● Exercise goal
Your copy should match the records exactly, except that it contains no pictures.

● Records provided
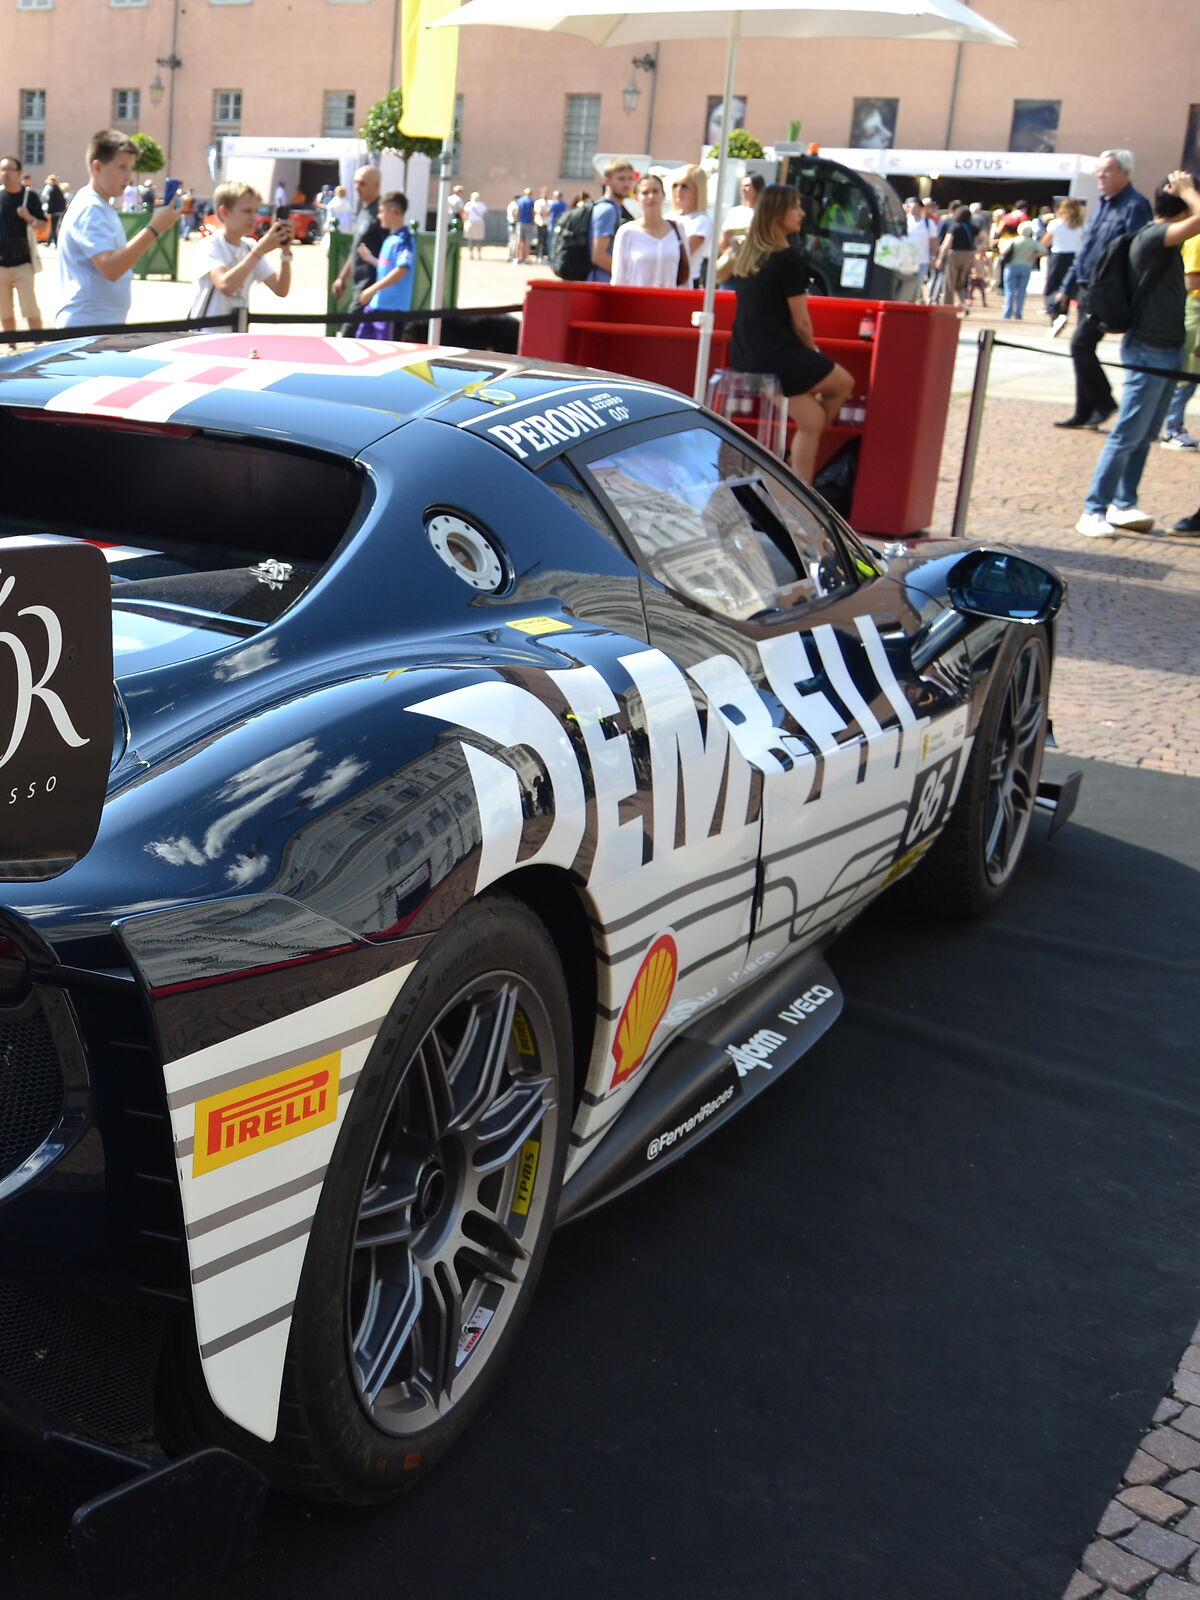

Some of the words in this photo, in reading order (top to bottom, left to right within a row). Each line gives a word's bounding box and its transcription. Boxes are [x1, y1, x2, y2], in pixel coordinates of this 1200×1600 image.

[955, 158, 1003, 170] LOTUS
[487, 400, 607, 459] PERONI
[906, 756, 954, 846] 86
[778, 984, 835, 1025] IVECO
[207, 1070, 330, 1156] PIRELLI
[646, 1085, 735, 1160] @FerrariRaces
[517, 1151, 535, 1202] TPMS
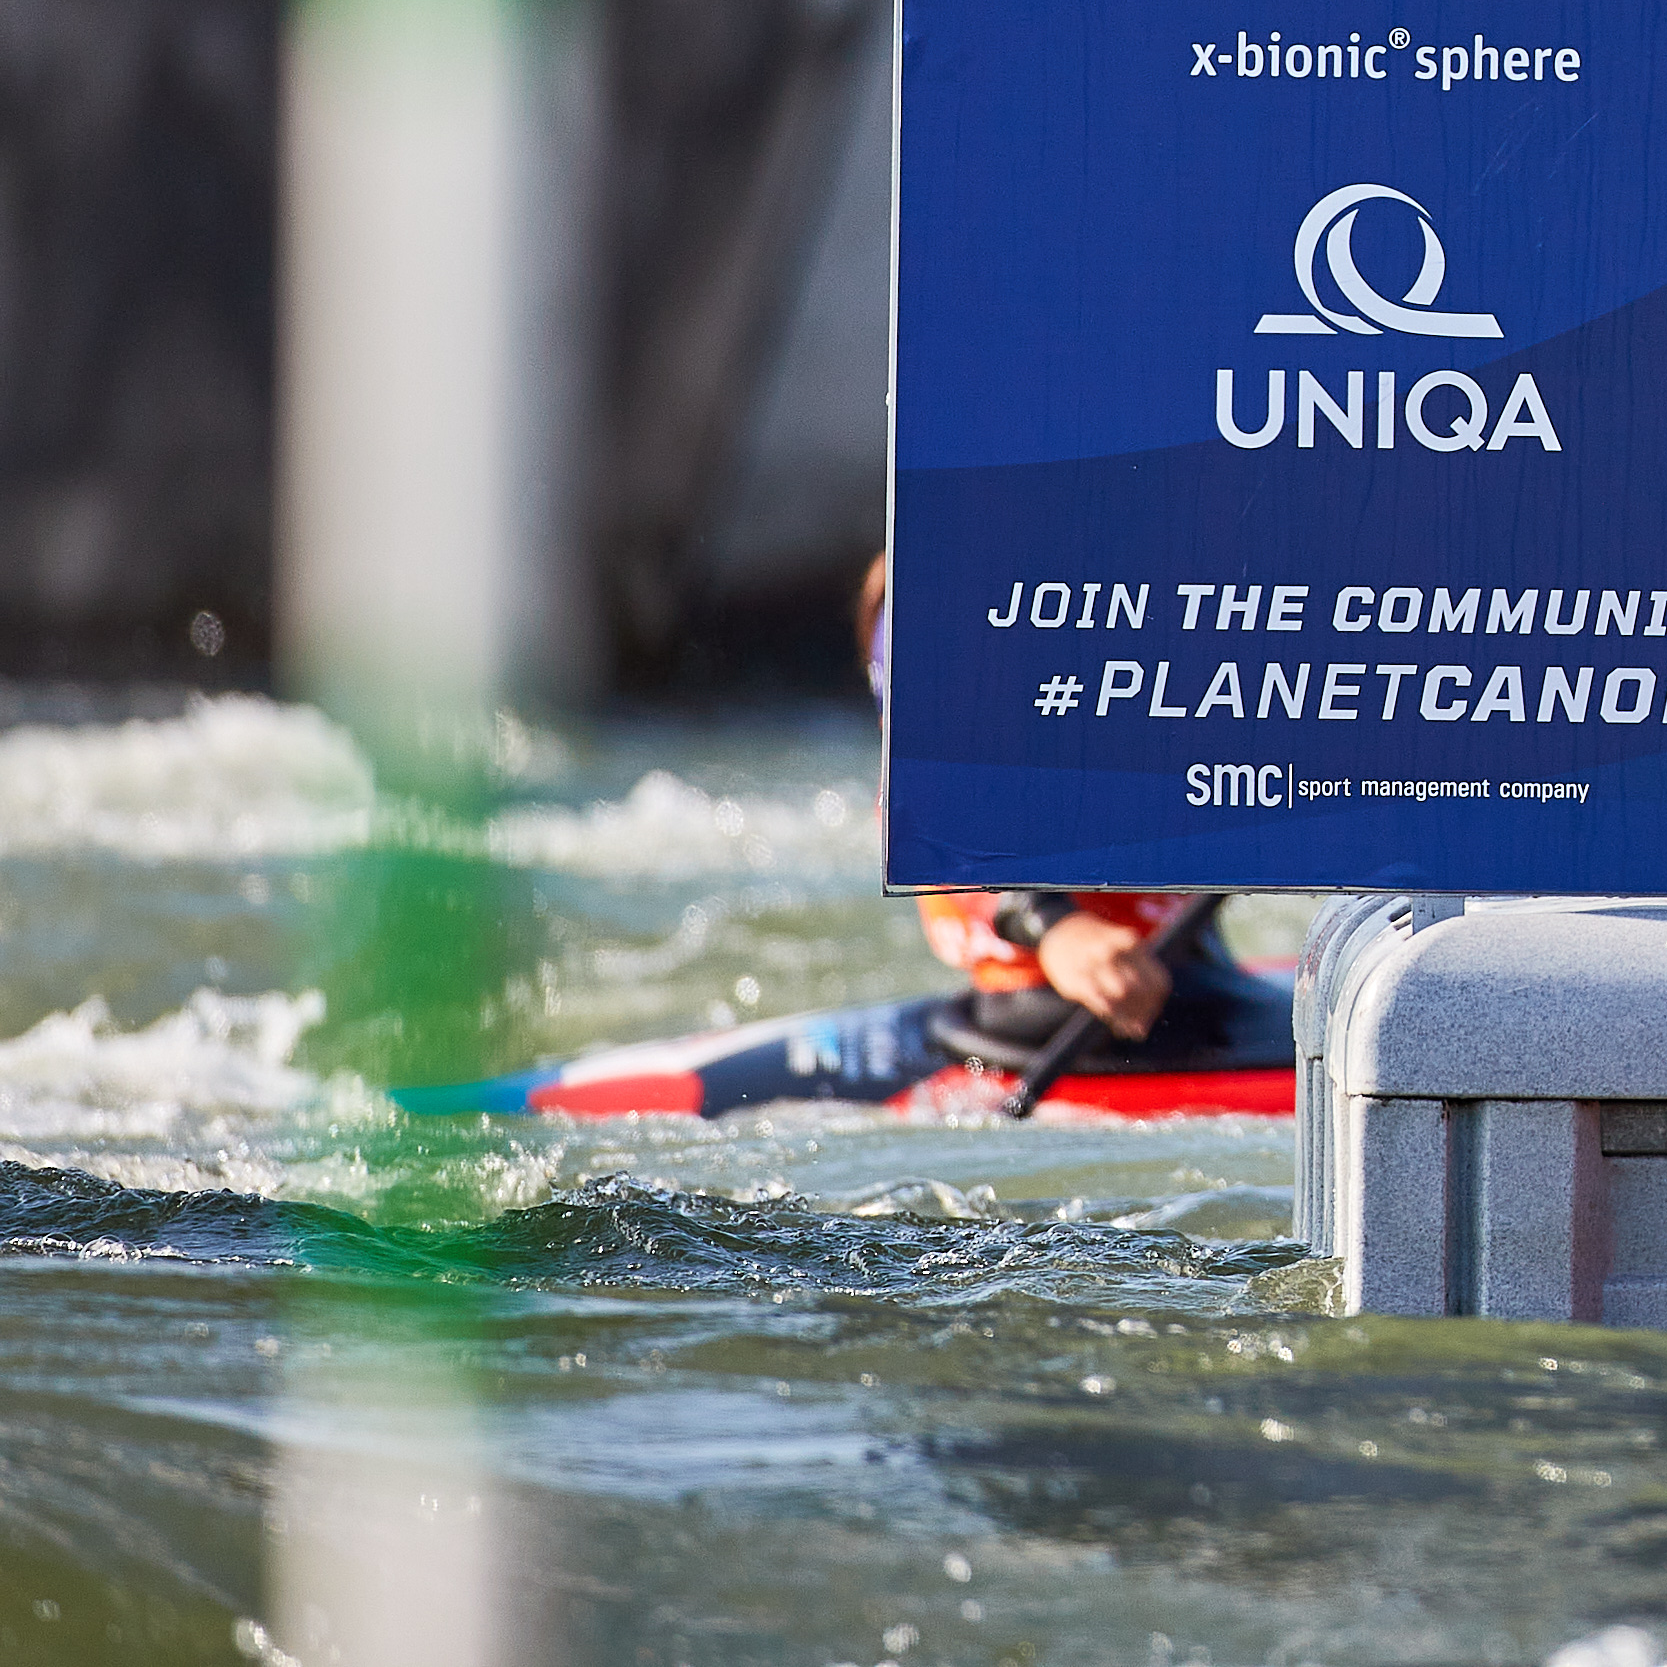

● Response area
Some of the words in this photo, in reading order (top to bottom, left to right within a row). Each line gives a word's bounding box and its transcription. Boxes are [x1, y1, x2, y2], in pixel coordinates of this 1200×1600 image.

[955, 158, 1003, 170] LOTUS
[487, 400, 607, 459] PERONI
[906, 756, 954, 846] 86
[778, 984, 835, 1025] IVECO
[207, 1070, 330, 1156] PIRELLI
[646, 1085, 735, 1160] @FerrariRaces
[517, 1151, 535, 1202] TPMS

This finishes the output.